The enhancements do not end there. The Leopard 2A8 also integrates a 120 mm L55 smoothbore cannon, which is a popular feature in the renowned 2A7+ model. This advanced hardware offers a greater muzzle velocity than the preceding L44 model found in the original Leopard 2 tank, thus positioning the Leopard 2A8 as a formidable force on any battlefield.
Considering the crew’s comfort, the all-new 2A8 model features a sophisticated cooling system. In addition, the model introduces improvements like an enhanced auxiliary power generator and an external telephone for enhanced communication with non-crew military personnel.
Supposed capabilities of 2A8
As it pertains to maneuverability, the 2A8 is all set to offer its drivers a significant upgrade. With the advanced night vision system, combined with a thermal imager and a low-light amplifier, the operator’s field of vision is broadened, both front and rear, guaranteeing seamless navigation in low-light settings.
Get ready to see with superior clarity and reach! The state-of-the-art optronics technology enhances the tank’s surveillance capabilities. Alongside the new digitized controls, the operation becomes effortless. Now for the best part: the information and command system in this model are leaps and bounds beyond what you’re accustomed to. What stands out even more is the 2A8’s ability to deploy special ammunition that can be detonated on demand. This feature allows for more tactical versatility, bolsters operational efficiency, and significantly reduces accidental damage. It’s time to get excited about the remarkable advancements headed your way!

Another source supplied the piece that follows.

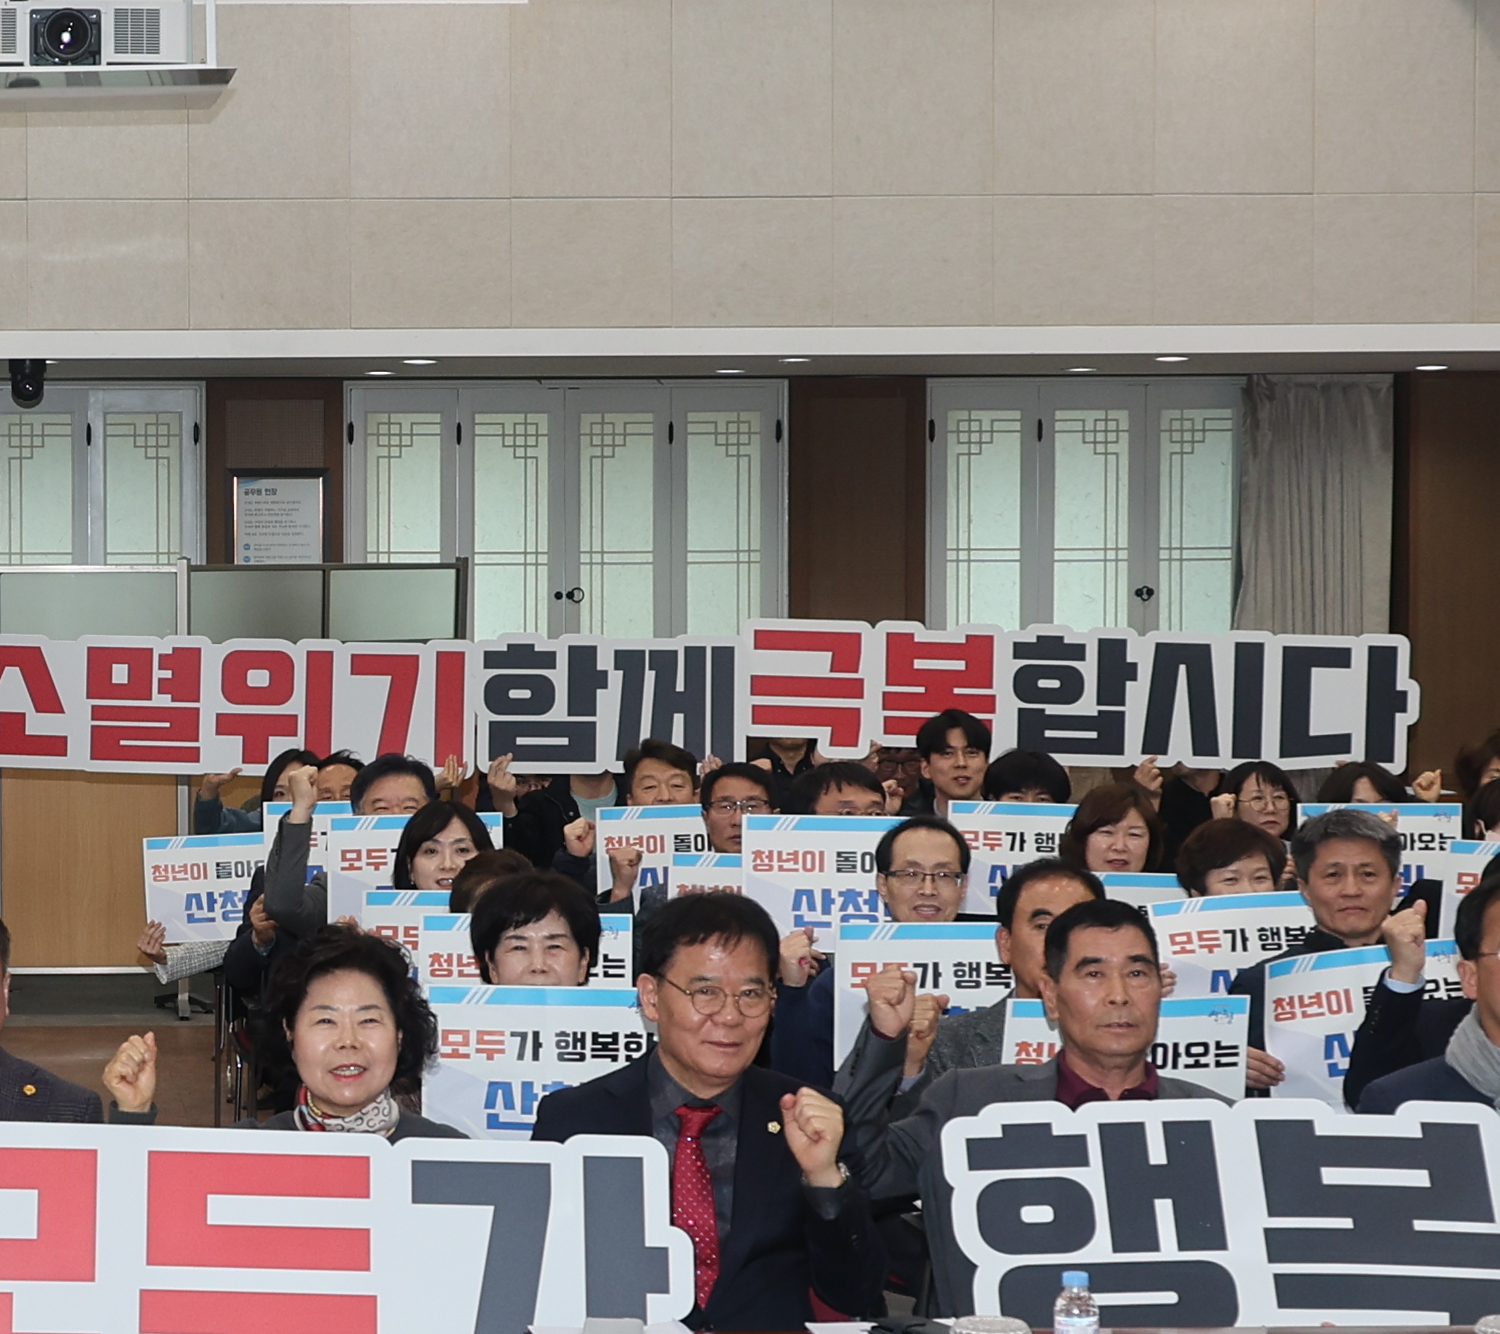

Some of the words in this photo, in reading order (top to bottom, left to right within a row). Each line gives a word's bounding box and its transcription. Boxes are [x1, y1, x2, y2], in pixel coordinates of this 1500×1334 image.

2A7+ is the last known version
The 2A8 version is not an officially recognized variant of the Leopard 2 Main Battle Tank [MBT], a series of tanks developed by Krauss-Maffei in the 1970s for the West German Army. The Leopard 2 has undergone multiple upgrades over the years, with the most advanced variant being the Leopard 2A7+.
The Leopard 2A7+ is powered by an MTU MB 873 Ka-501 liquid-cooled V12 twin-turbo diesel engine, which provides 1,500 PS [1,103 kW]. This engine allows the tank to reach a maximum road speed of 68 km/h [42 mph] and a cross-country speed of 45 km/h [28 mph].
The operational range of the Leopard 2A7+ is approximately 450 kilometers [280 miles] on roads and 325 kilometers [202 miles] cross-country. This range can be extended with the use of external fuel tanks. In terms of armament, the Leopard 2A7+ is equipped with a 120 mm L55 smoothbore gun, capable of firing a variety of standard NATO ammunition. It also features two 7.62 mm MG3A1 machine guns, one mounted coaxially with the main gun and one on an anti-aircraft mount.
The Leopard 2A7+ also boasts impressive defensive capabilities. Its modular armor can be adjusted to meet the needs of specific missions. The tank is also equipped with a sophisticated fire control system, which includes thermal imaging and laser rangefinding capabilities.